En una época en la que la decadencia de la autoridad musical es cada vez más manifiesta y acuciante, como lo es la actual, en la que los compositores cinematográficos tienden cada vez más a la autocomplacencia mimética, inmolando la creatividad y la originalidad en favor de los clisés,  la autoridad de John Williams se mantiene intacta. Más aún, su figura aumenta el relieve con el tiempo, pues incontables son ya las muestras de su genio, que han pasado al inconsciente colectivo en forma de perlas sonoras de incuestionable belleza, trascendiendo incluso las imágenes que las hicieron famosas. Williams es interpretado como los grandes, pues también él lo es. Y, por ello, es de agradecer  este libro dedicado a su genio en el que Andrés Valverde reivindica a Williams, lo que es sinónimo de seguir creyendo en la música con mayúsculas cuando tanto sentido ha perdido.

Valverde da noticia de su vida y su obra, como reza el subtítulo. Desgrana sus proezas musicales, a las que ya desde niño, estaba abocado. Desde que pisó por primea vez un estudio cinematográfico a los seis años junto a su padre, Wiliams siempre estuvo vinculado a la música y al cine. Era un virtuoso del piano. Tocó para dos grandes de la época, como fueron Henry Mancini y Elmer Berstein. Y orquestó numerosas partituras antes de emprender su carrera como compositor.  Como tantos otros, Wiliams empezó por la televisión. Allí, según nos cuenta Valverde, tuvo la oportunidad de curtirse. Eran los años 60 y por entonces ya se adivinaba el carácter épico de su música. Valverde nos muestra todo ese recorrido en el cine, pero no olvida su producción fuera de él. Pocos son los compositores de cine que tienen una carrera paralela en la música de concierto. Williams era un virtuoso, y su música merecía ser escuchada al margen de la imagen.

bandas sonoras

Valverde hace un extenso recorrido por los años 70. Son años de películas de catástrofes. Y Williams imprime su sello a un género al que le va muy bien ese carácter postromántico, exacerbado, pero que sabe ser intimista en los momentos en lo que se requiere.

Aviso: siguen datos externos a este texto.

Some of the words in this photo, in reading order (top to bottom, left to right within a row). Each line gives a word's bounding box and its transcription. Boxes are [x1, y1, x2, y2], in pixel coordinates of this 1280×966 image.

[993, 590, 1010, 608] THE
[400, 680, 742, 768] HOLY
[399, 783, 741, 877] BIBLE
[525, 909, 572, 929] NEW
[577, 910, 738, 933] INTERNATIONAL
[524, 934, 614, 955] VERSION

También son los años en lo que conoce a Spielberg, dando lugar a una de las colaboraciones cinematográficas más prolíficas de todos los tiempos. Sus colaboraciones tienen tanto relieve que se forja un estilo, no solo musical, sino propiamente cinematográfico. Desde entonces, nos hace ver Valverde, John Williams ha sido un icono del buen trabajo. Un ejemplo a seguir por todos los compositores contemporáneos, marcando un estilo propio e inconfundible de enorme repercusión. Valverde nos ilustra con anécdotas, tanto profesionales  como personales. Narra sus periodos de mayor esplendor y sus momentos más bajos, de extenuación al intentar abordar tantos y tantos proyectos. ¿Cómo se puede mantener el genio bajo tanta presión? Williams es una fuente inagotable de melodías. ¿Quién no reconoce las soberbias notas de entrada de Star Wars? ¿O la melodía que acompaña a Indiana Jones por toda la saga? ¿O quien no se estremece al escuchar La lista de Shindler? La lista es interminable.

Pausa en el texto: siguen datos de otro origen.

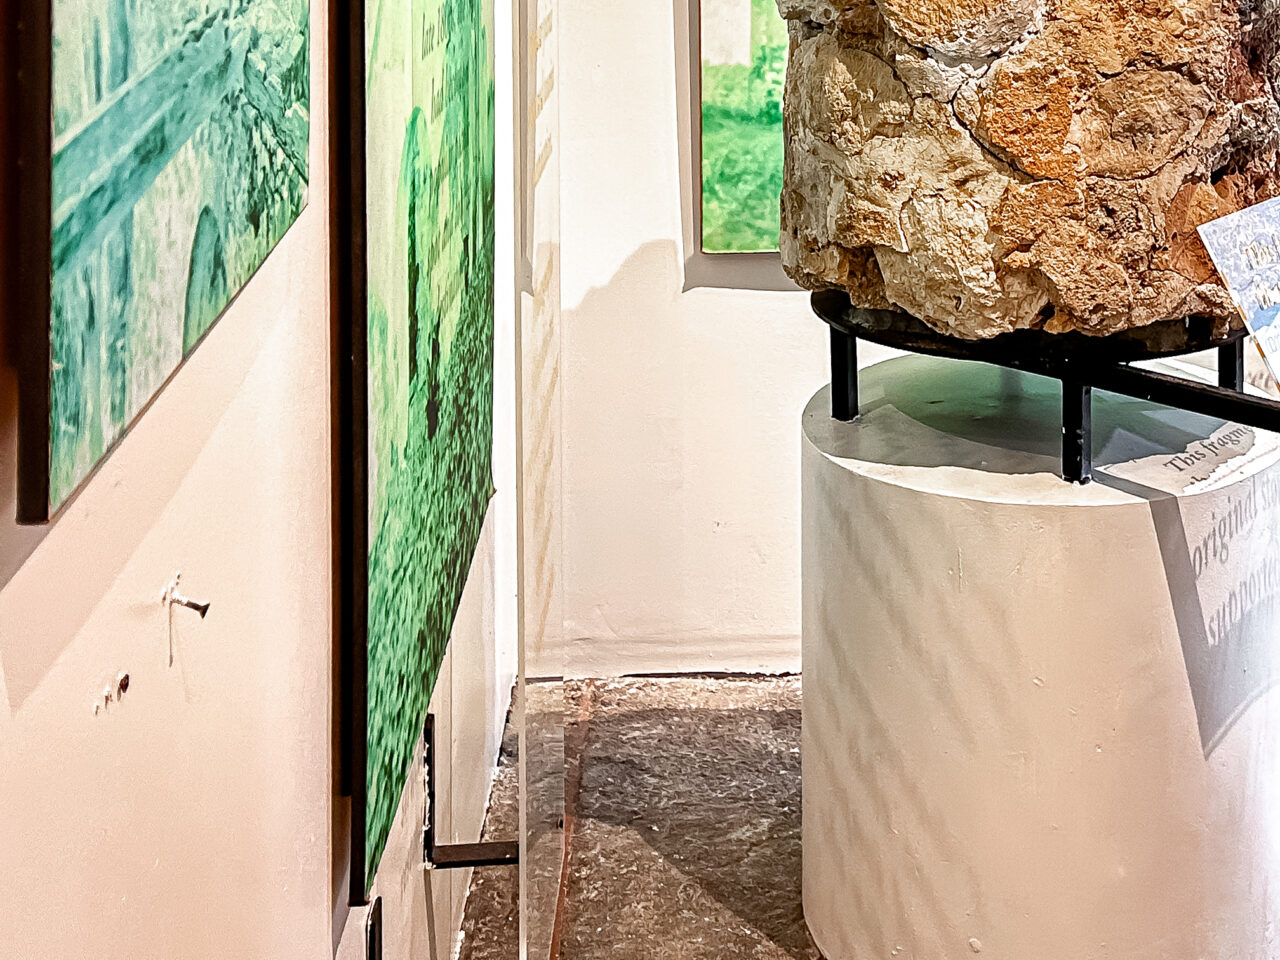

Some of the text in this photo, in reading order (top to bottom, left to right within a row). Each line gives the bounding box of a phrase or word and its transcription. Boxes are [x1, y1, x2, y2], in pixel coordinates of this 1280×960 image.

[1163, 424, 1254, 472] This fragme
[1193, 473, 1258, 578] original
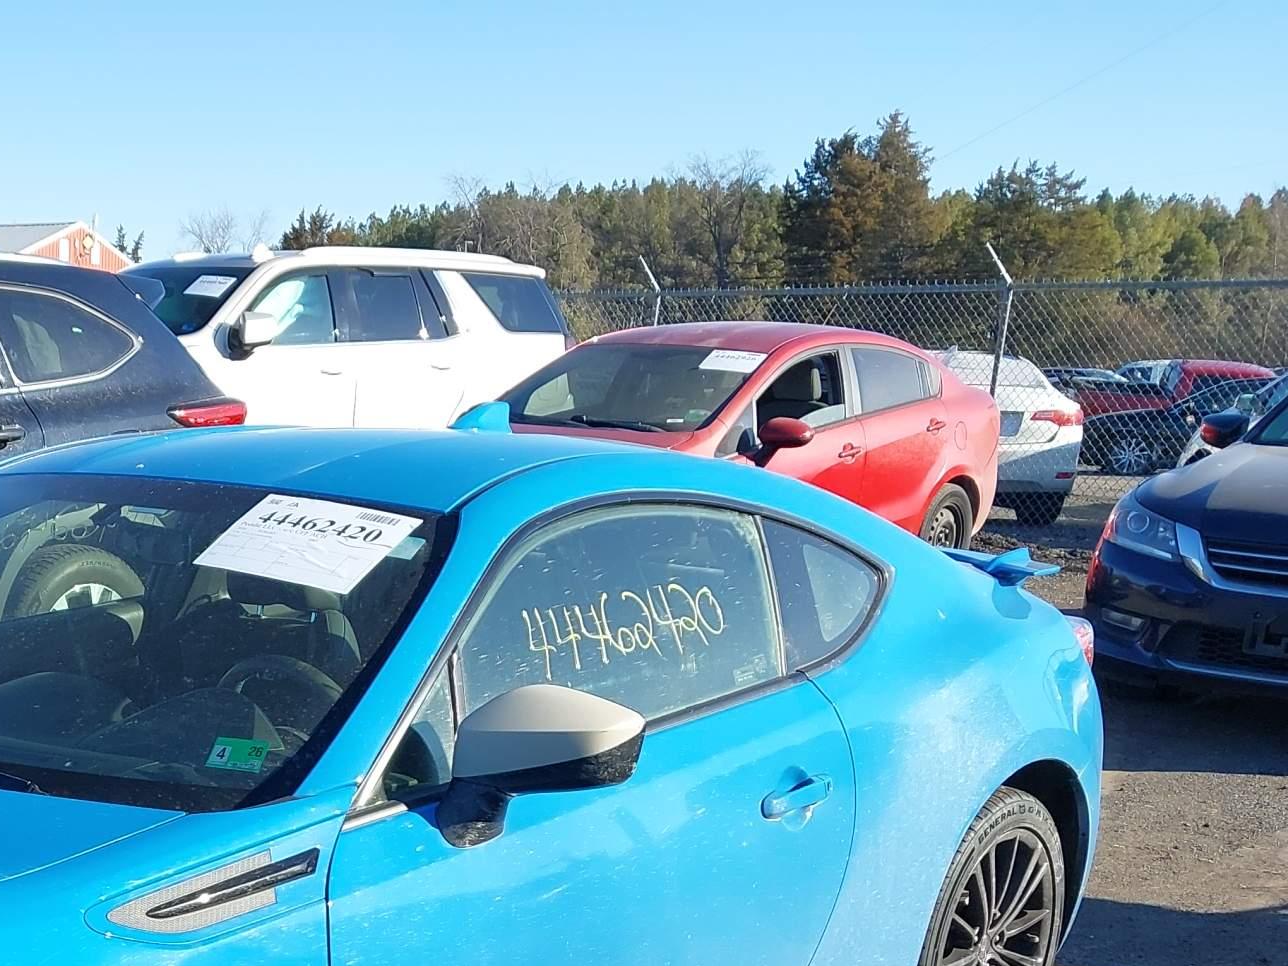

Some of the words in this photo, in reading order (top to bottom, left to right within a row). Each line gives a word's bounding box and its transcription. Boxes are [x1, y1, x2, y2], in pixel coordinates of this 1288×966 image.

[258, 511, 383, 543] 44462420
[522, 583, 724, 681] 44462420
[216, 746, 227, 760] 4
[247, 746, 264, 758] 26
[978, 807, 1017, 845] GENERAL

Valverde hace justica, por fin, a uno de los grandes maestros, no solo del cine, sino de la música en general del siglo XX.  Y lo hace en forma de biografía clásica, con una primera parte sobre su vida, elaborada cronológicamente, y en la que podemos disfrutar de un interesante material gráfico, donde se ve al Williams en sus diversos periodos y facetas, y hasta muestras de algunas de sus partituras más memorables. . La segunda parte del libro es de carácter más analítico. En ella Valverde describe la relación del maestro con los instrumentos de la orquesta y su aplicación en sus bandas sonoras; hace también un análisis de las grandes sagas que ilustró con su música; y hasta nos presenta un breve diccionario de las grandes temáticas que ha abordado Williams a lo largo de su vida.